BEGIN

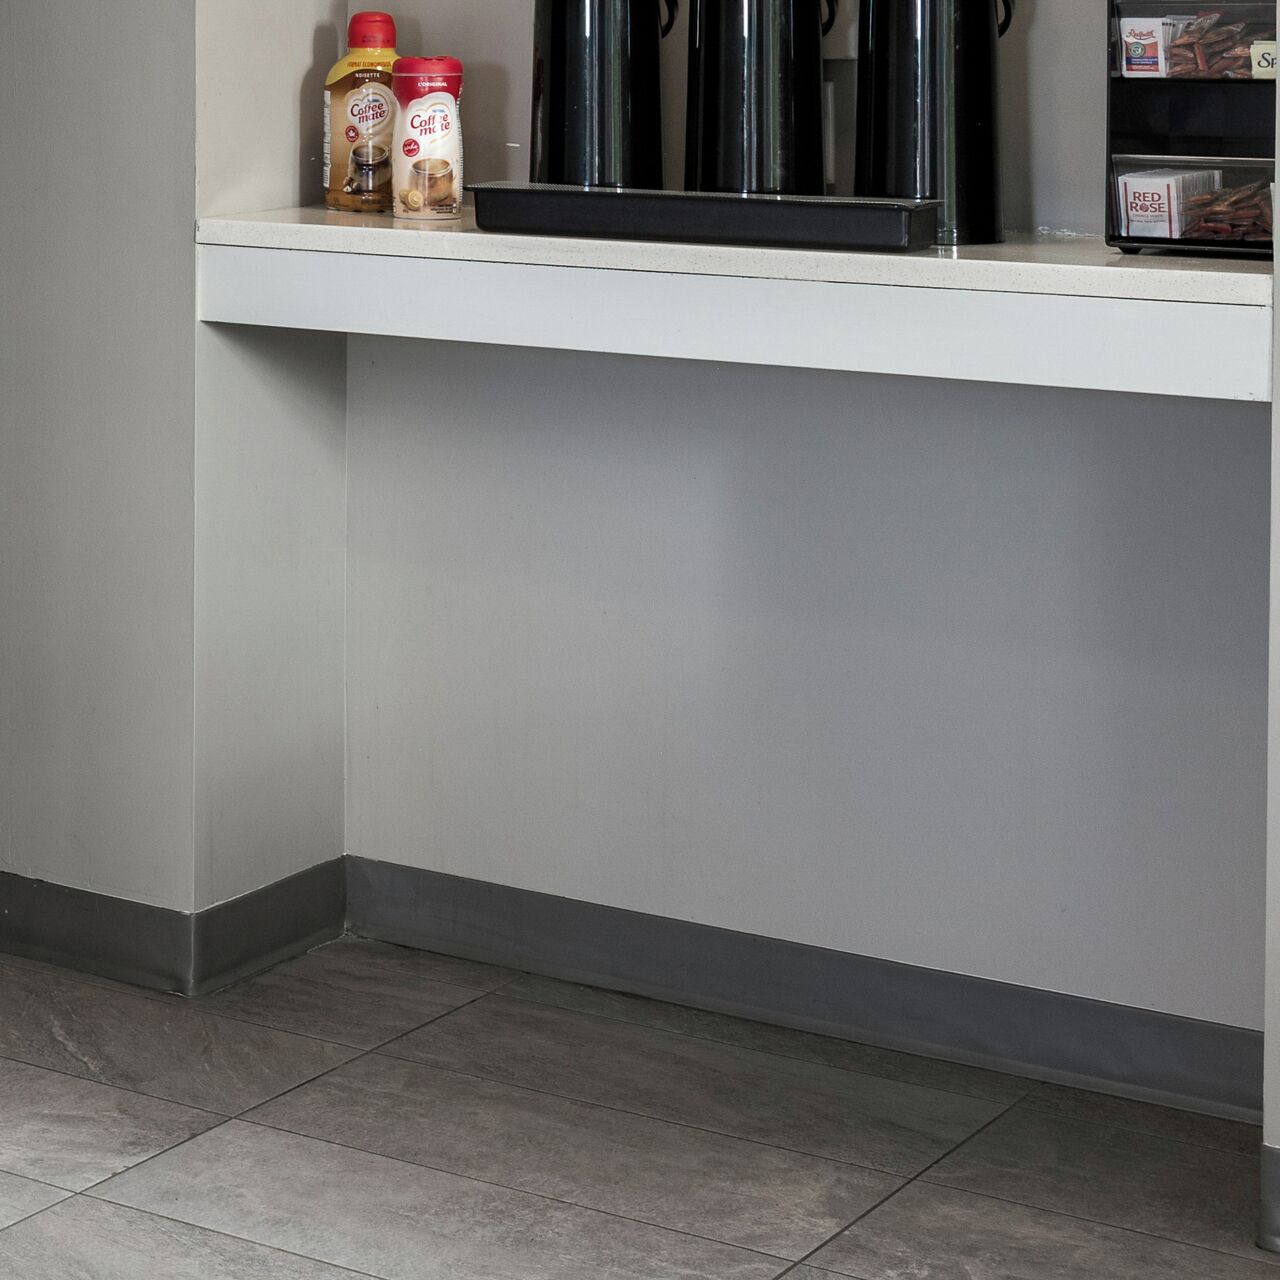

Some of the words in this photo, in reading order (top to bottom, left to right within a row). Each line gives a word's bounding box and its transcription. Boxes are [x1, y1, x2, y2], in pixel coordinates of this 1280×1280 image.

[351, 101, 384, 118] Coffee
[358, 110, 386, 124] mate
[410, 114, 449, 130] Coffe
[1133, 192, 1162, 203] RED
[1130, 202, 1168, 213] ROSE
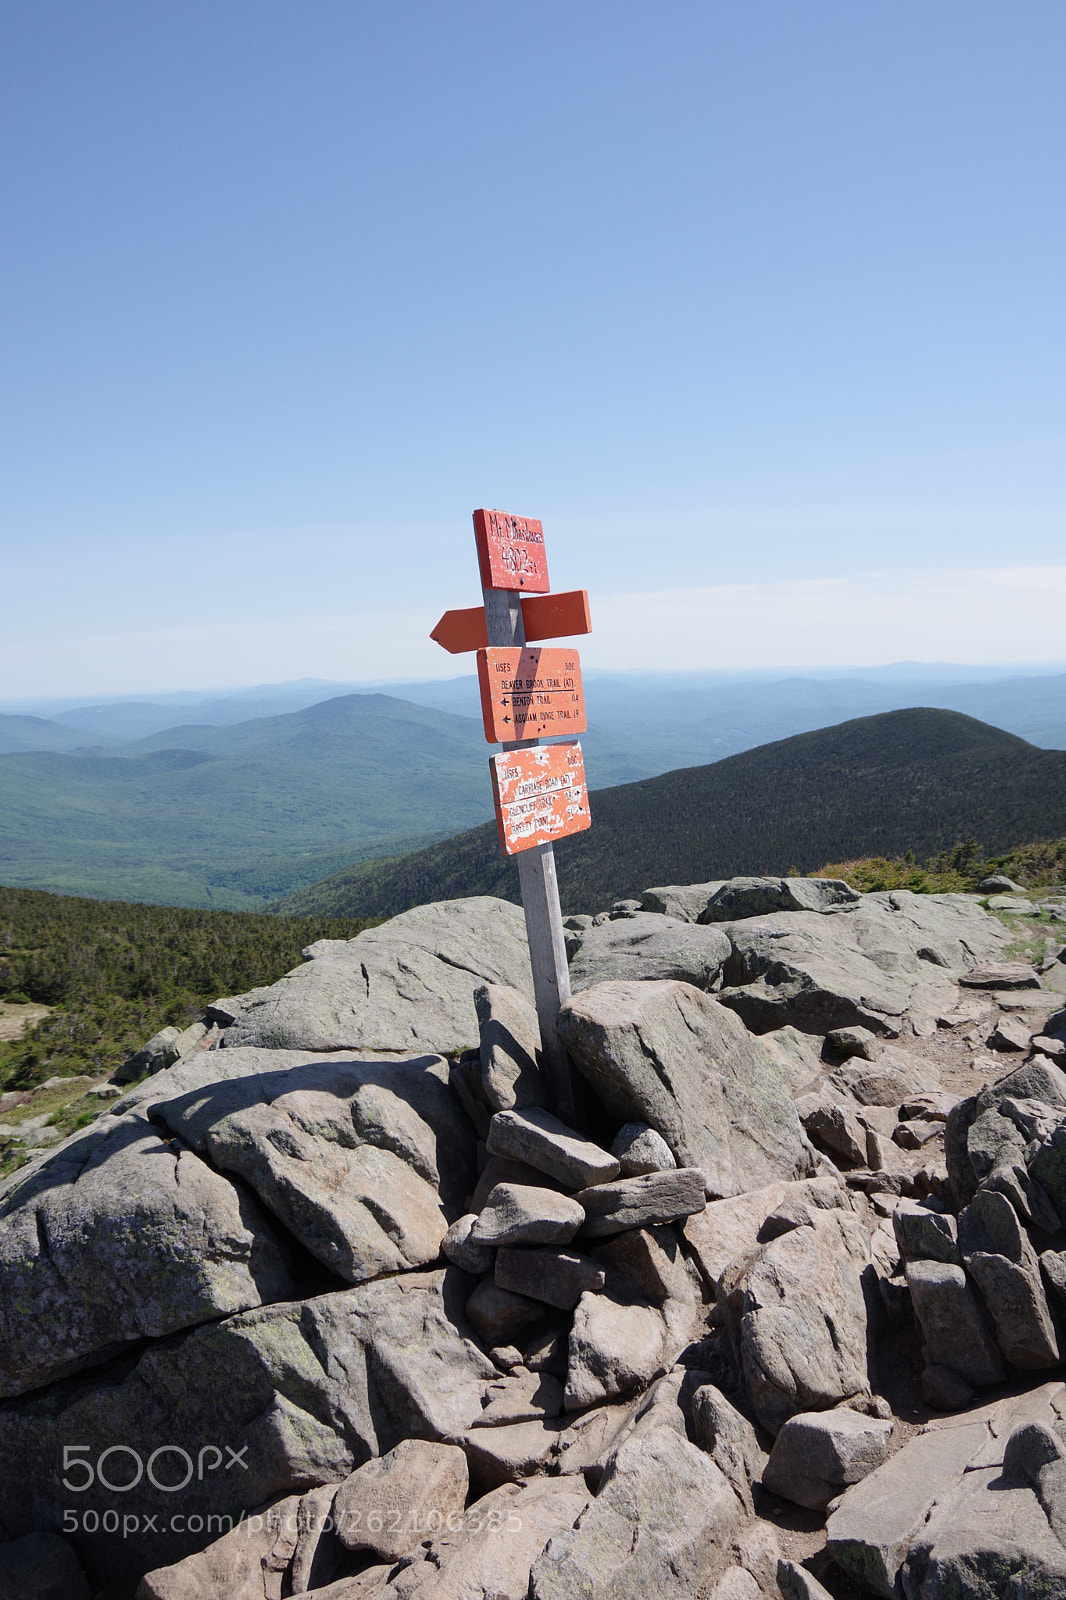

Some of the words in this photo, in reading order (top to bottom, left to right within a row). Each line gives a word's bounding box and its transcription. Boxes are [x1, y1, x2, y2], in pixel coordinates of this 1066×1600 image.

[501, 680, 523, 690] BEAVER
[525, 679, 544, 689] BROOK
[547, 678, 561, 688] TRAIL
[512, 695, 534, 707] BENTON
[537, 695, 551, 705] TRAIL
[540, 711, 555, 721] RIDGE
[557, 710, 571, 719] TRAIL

END

Every word of the data should be reproduced exactly; please omit any pictures.

Some of the words in this photo, in reading order (top to bottom, left to right within a row). Each line gives a word's bounding box and its transcription. Boxes are [x1, y1, x2, y2], in pixel coordinates of this 1280×1280 image.

[351, 101, 384, 118] Coffee
[358, 110, 386, 124] mate
[410, 114, 449, 130] Coffe
[1133, 192, 1162, 203] RED
[1130, 202, 1168, 213] ROSE

Some of the words in this photo, in reading order (top to bottom, left to right within a row). Each line gives a word's bounding box and its transcription. Boxes are [x1, y1, x2, y2], in pixel coordinates of this 1066×1600 image.

[501, 680, 523, 690] BEAVER
[525, 679, 544, 689] BROOK
[547, 678, 561, 688] TRAIL
[512, 695, 534, 707] BENTON
[537, 695, 551, 705] TRAIL
[540, 711, 555, 721] RIDGE
[557, 710, 571, 719] TRAIL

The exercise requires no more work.